* _Your instructions_:
Images are to be skipped; everything else in the records must be repeated exactly.

* _Source material_:
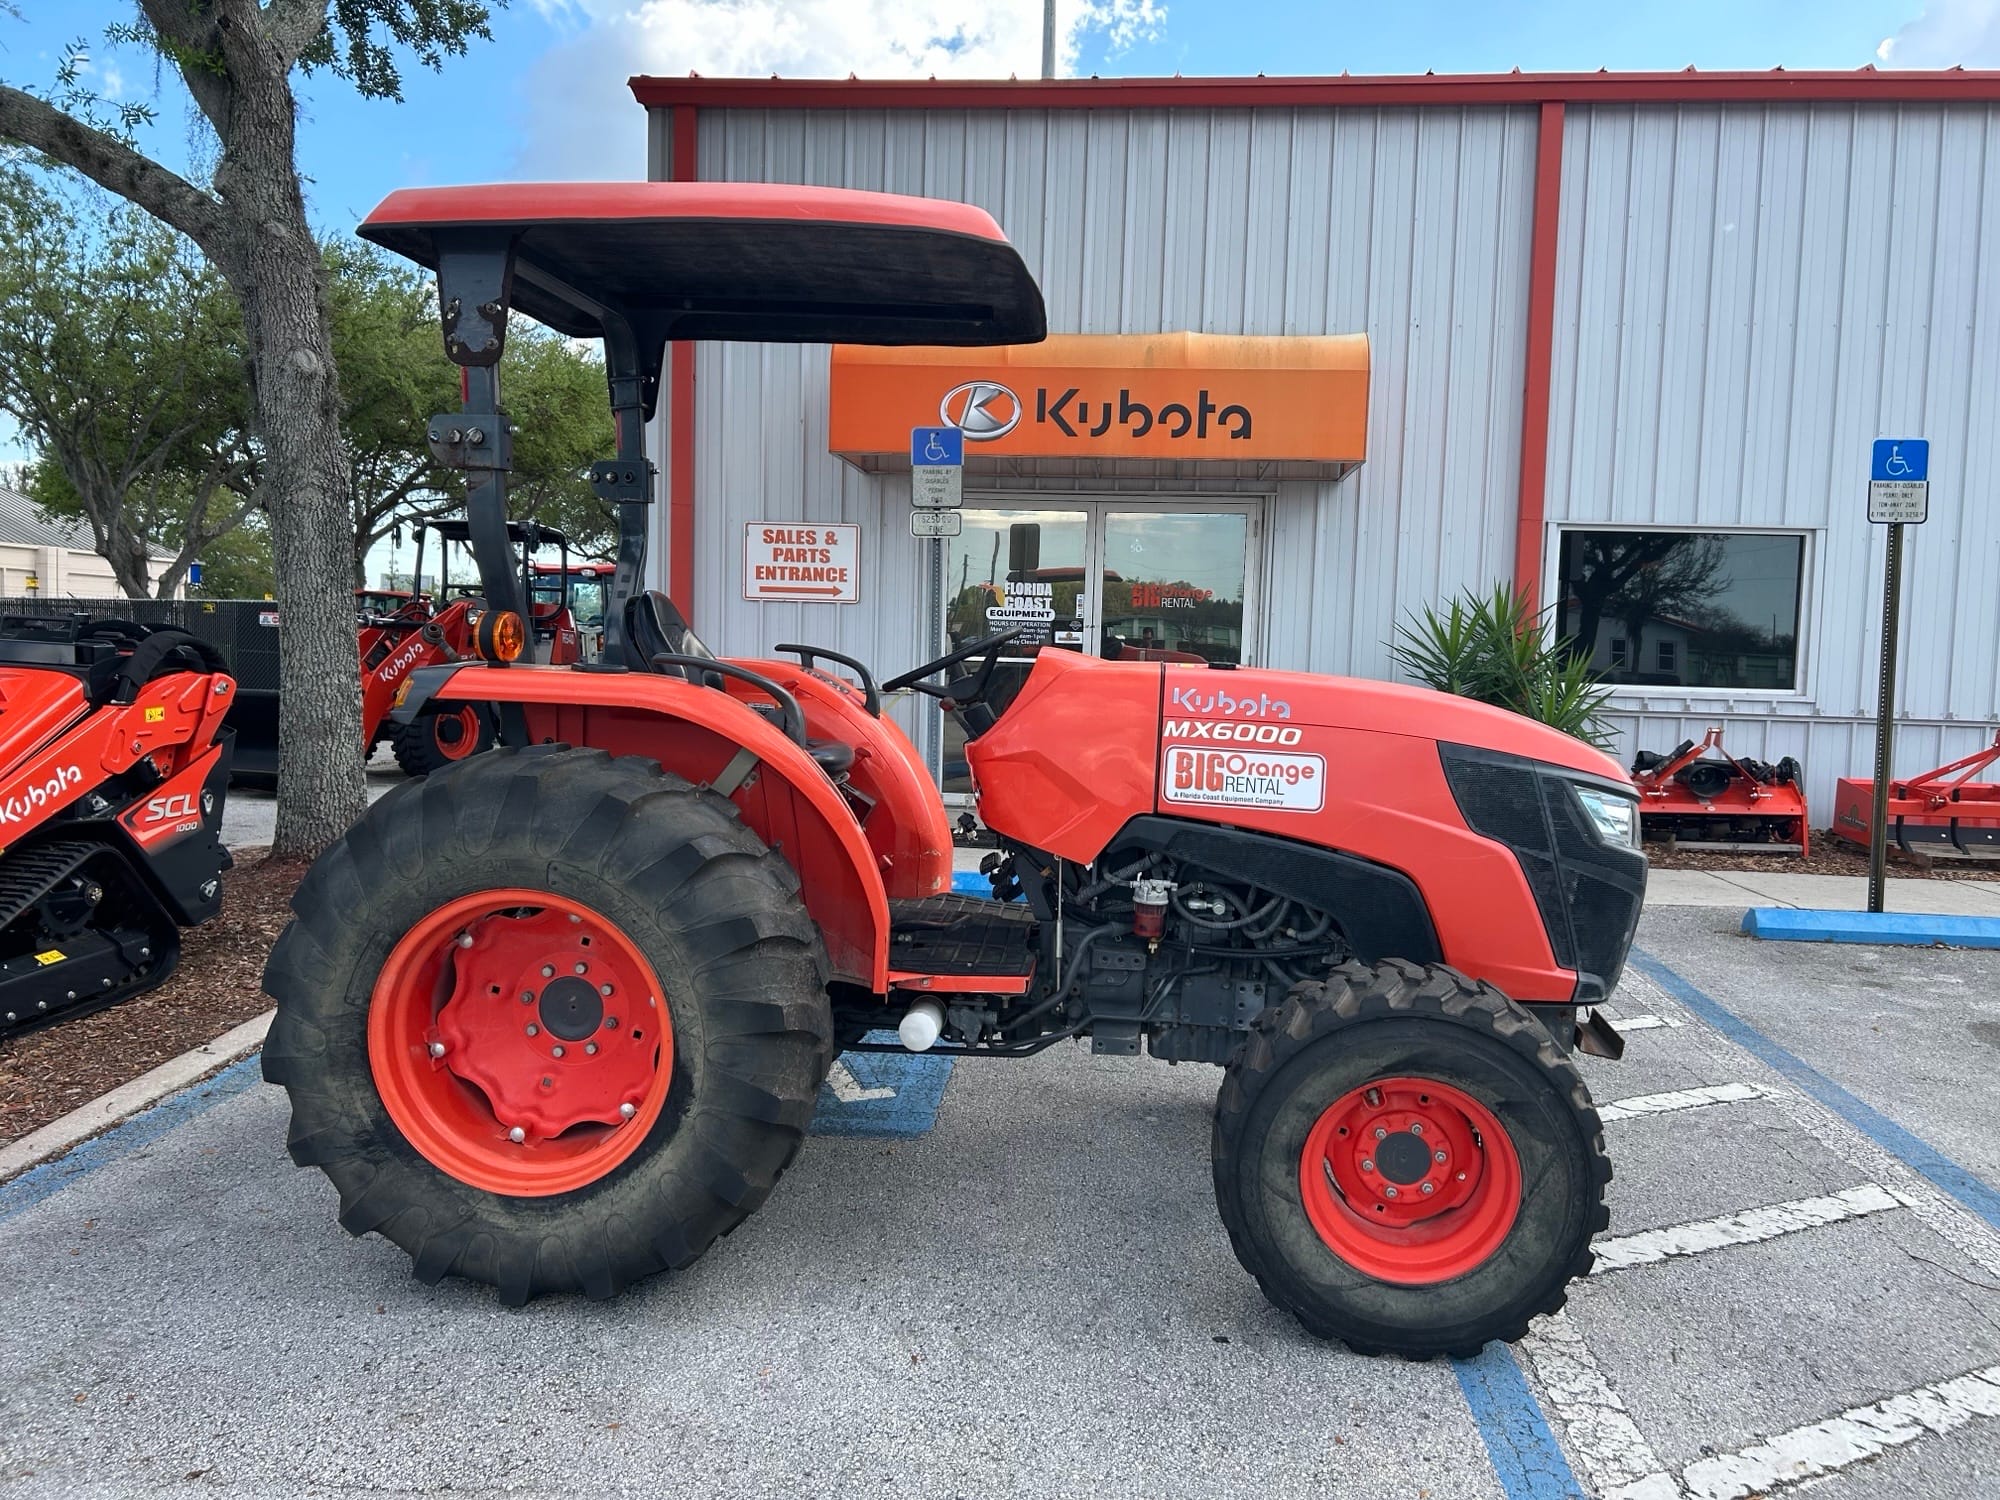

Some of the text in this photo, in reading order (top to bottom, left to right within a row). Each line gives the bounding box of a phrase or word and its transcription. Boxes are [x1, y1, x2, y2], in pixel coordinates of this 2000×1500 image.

[1036, 388, 1252, 440] Kubota
[763, 529, 838, 546] SALES &
[772, 547, 831, 564] PARTS
[755, 565, 848, 583] ENTRANCE
[1005, 582, 1052, 596] FLORIDA
[1160, 584, 1213, 602] Orange
[1005, 597, 1053, 609] COAST
[1161, 597, 1196, 608] RENTAL
[990, 610, 1052, 618] EQUIPMENT
[379, 642, 425, 683] Kubota
[1172, 687, 1291, 719] Kubota
[1163, 720, 1303, 746] MX6000
[1175, 751, 1315, 792] BIG Orange
[1225, 775, 1285, 796] RENTAL
[0, 765, 83, 825] Kubota
[1180, 792, 1201, 800] Florida
[1202, 793, 1220, 801] Coast
[1221, 794, 1254, 804] Equipment
[1255, 796, 1284, 806] Company
[144, 793, 198, 822] SCL
[175, 821, 198, 833] 1000

* _Output of the exercise_:
Some of the text in this photo, in reading order (top to bottom, left to right within a row). Each line gives the bounding box of a phrase or word and its transcription. Boxes are [x1, y1, x2, y2], in pixel coordinates of this 2000×1500 image.

[1036, 388, 1252, 440] Kubota
[763, 529, 838, 546] SALES &
[772, 547, 831, 564] PARTS
[755, 565, 848, 583] ENTRANCE
[1005, 582, 1052, 596] FLORIDA
[1160, 584, 1213, 602] Orange
[1005, 597, 1053, 609] COAST
[1161, 597, 1196, 608] RENTAL
[990, 610, 1052, 618] EQUIPMENT
[379, 642, 425, 683] Kubota
[1172, 687, 1291, 719] Kubota
[1163, 720, 1303, 746] MX6000
[1175, 751, 1315, 792] BIG Orange
[1225, 775, 1285, 796] RENTAL
[0, 765, 83, 825] Kubota
[1180, 792, 1201, 800] Florida
[1202, 793, 1220, 801] Coast
[1221, 794, 1254, 804] Equipment
[1255, 796, 1284, 806] Company
[144, 793, 198, 822] SCL
[175, 821, 198, 833] 1000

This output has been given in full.